= WORK ORDER =
Every line below is to be copied exactly, with the pictures left out.

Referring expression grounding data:

⟨

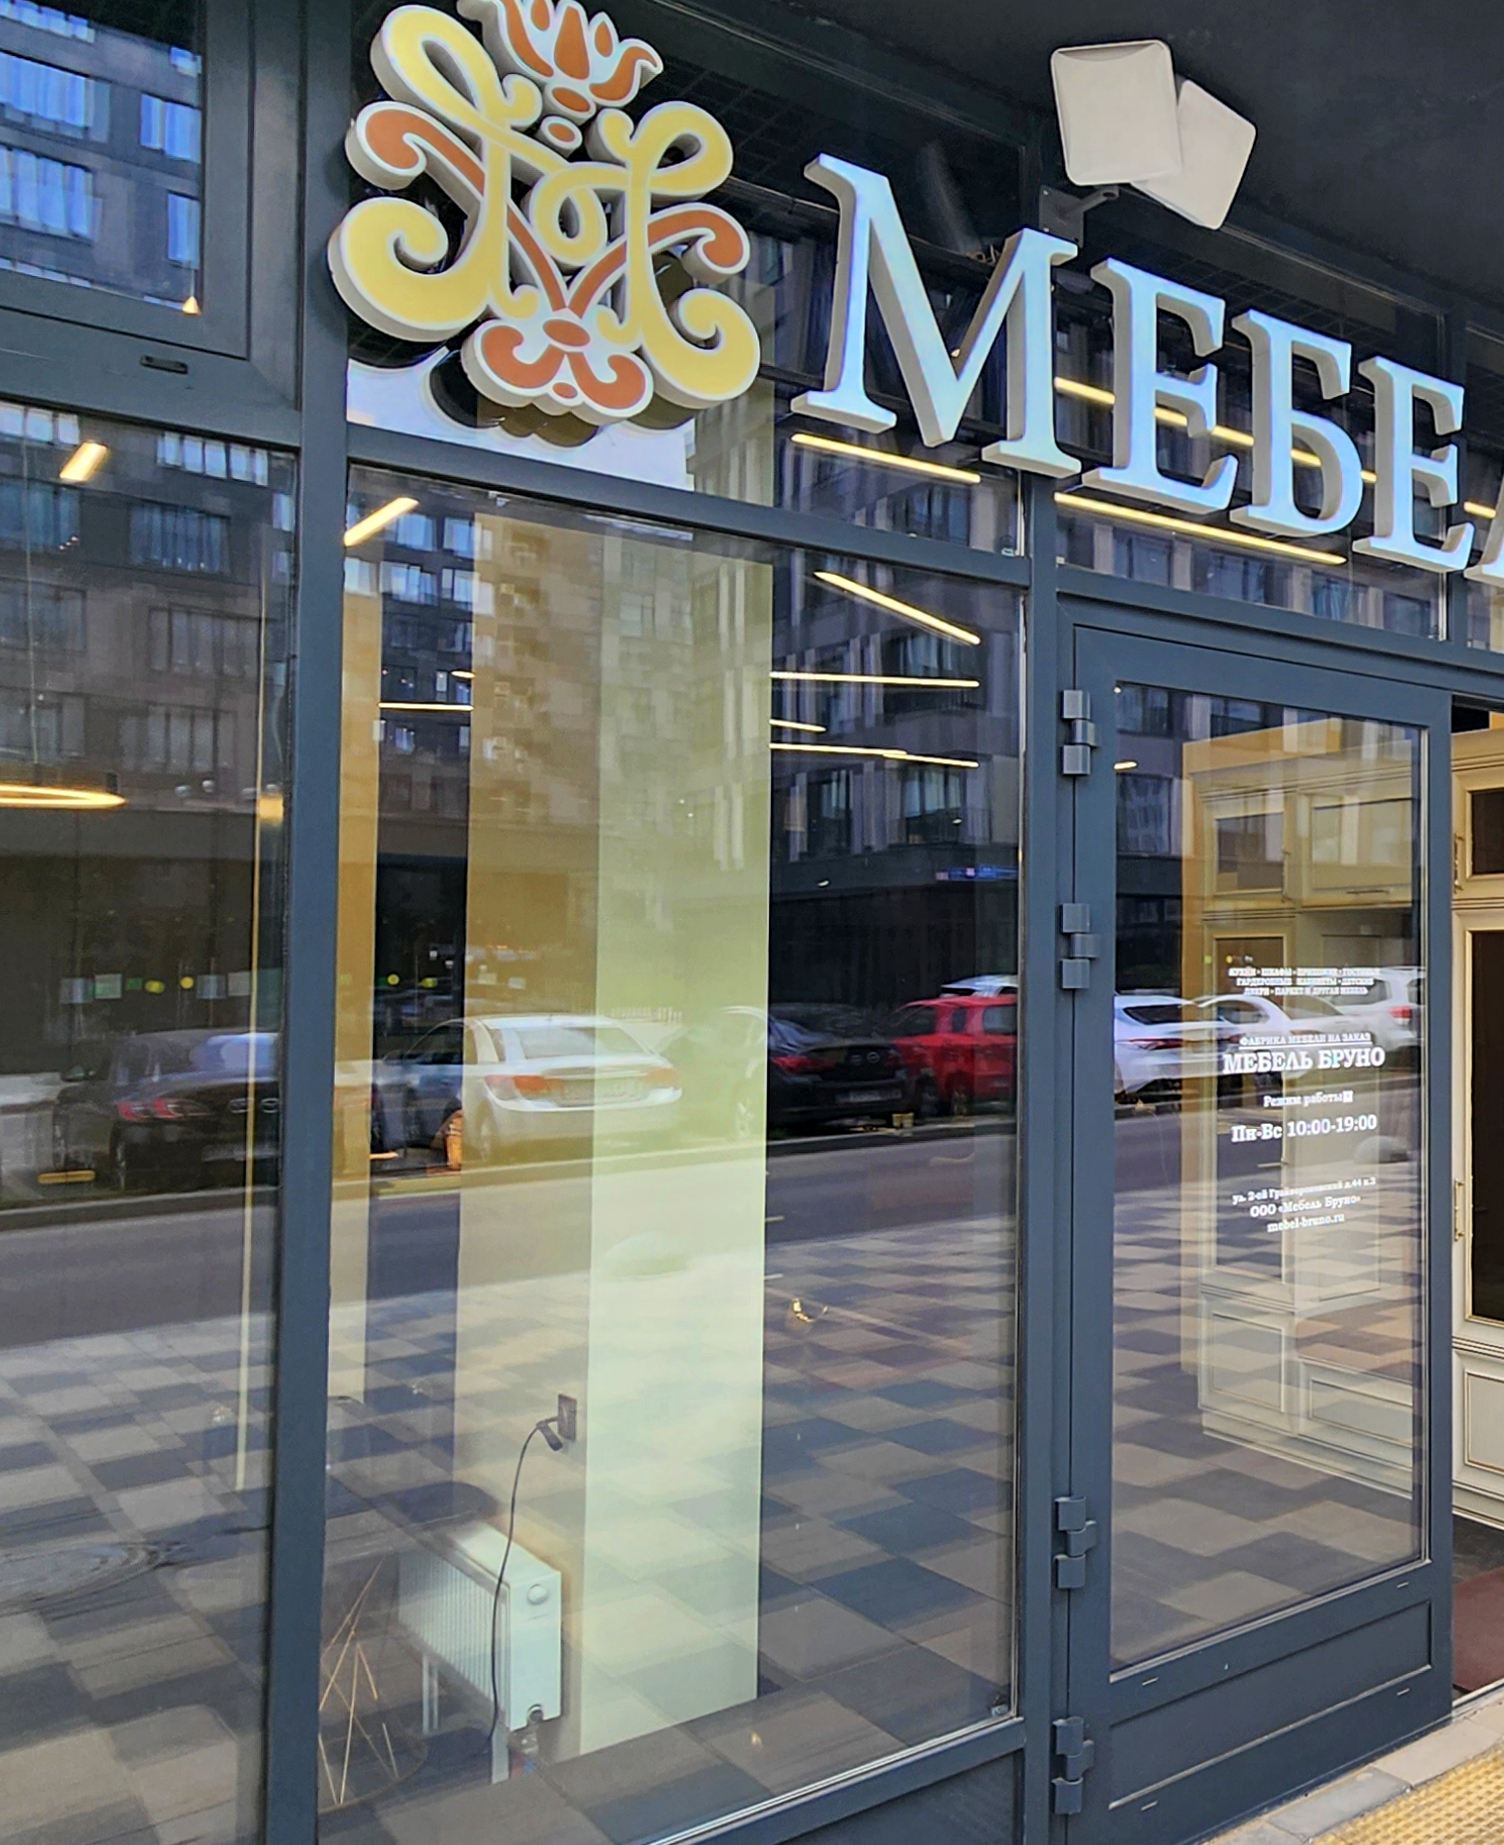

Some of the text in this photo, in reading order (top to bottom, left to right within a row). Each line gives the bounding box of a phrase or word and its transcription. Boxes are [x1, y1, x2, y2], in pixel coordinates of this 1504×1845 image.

[1239, 1035, 1287, 1046] ФАБРИКА
[1328, 1033, 1341, 1043] НА
[1342, 1032, 1371, 1043] ЗАКАЗ
[1222, 1047, 1386, 1074] МЕБЕЛЬ БРУНО
[1263, 1095, 1302, 1107] Режим
[1231, 1114, 1377, 1142] Пн-Вс 10:00-19:00
[1250, 1204, 1277, 1218] ООО
[1267, 1213, 1345, 1233] mebel-bruno.ru

⟩

= ANSWER =
Some of the text in this photo, in reading order (top to bottom, left to right within a row). Each line gives the bounding box of a phrase or word and its transcription. Boxes are [x1, y1, x2, y2], in pixel coordinates of this 1504×1845 image.

[1239, 1035, 1287, 1046] ФАБРИКА
[1328, 1033, 1341, 1043] НА
[1342, 1032, 1371, 1043] ЗАКАЗ
[1222, 1047, 1386, 1074] МЕБЕЛЬ БРУНО
[1263, 1095, 1302, 1107] Режим
[1231, 1114, 1377, 1142] Пн-Вс 10:00-19:00
[1250, 1204, 1277, 1218] ООО
[1267, 1213, 1345, 1233] mebel-bruno.ru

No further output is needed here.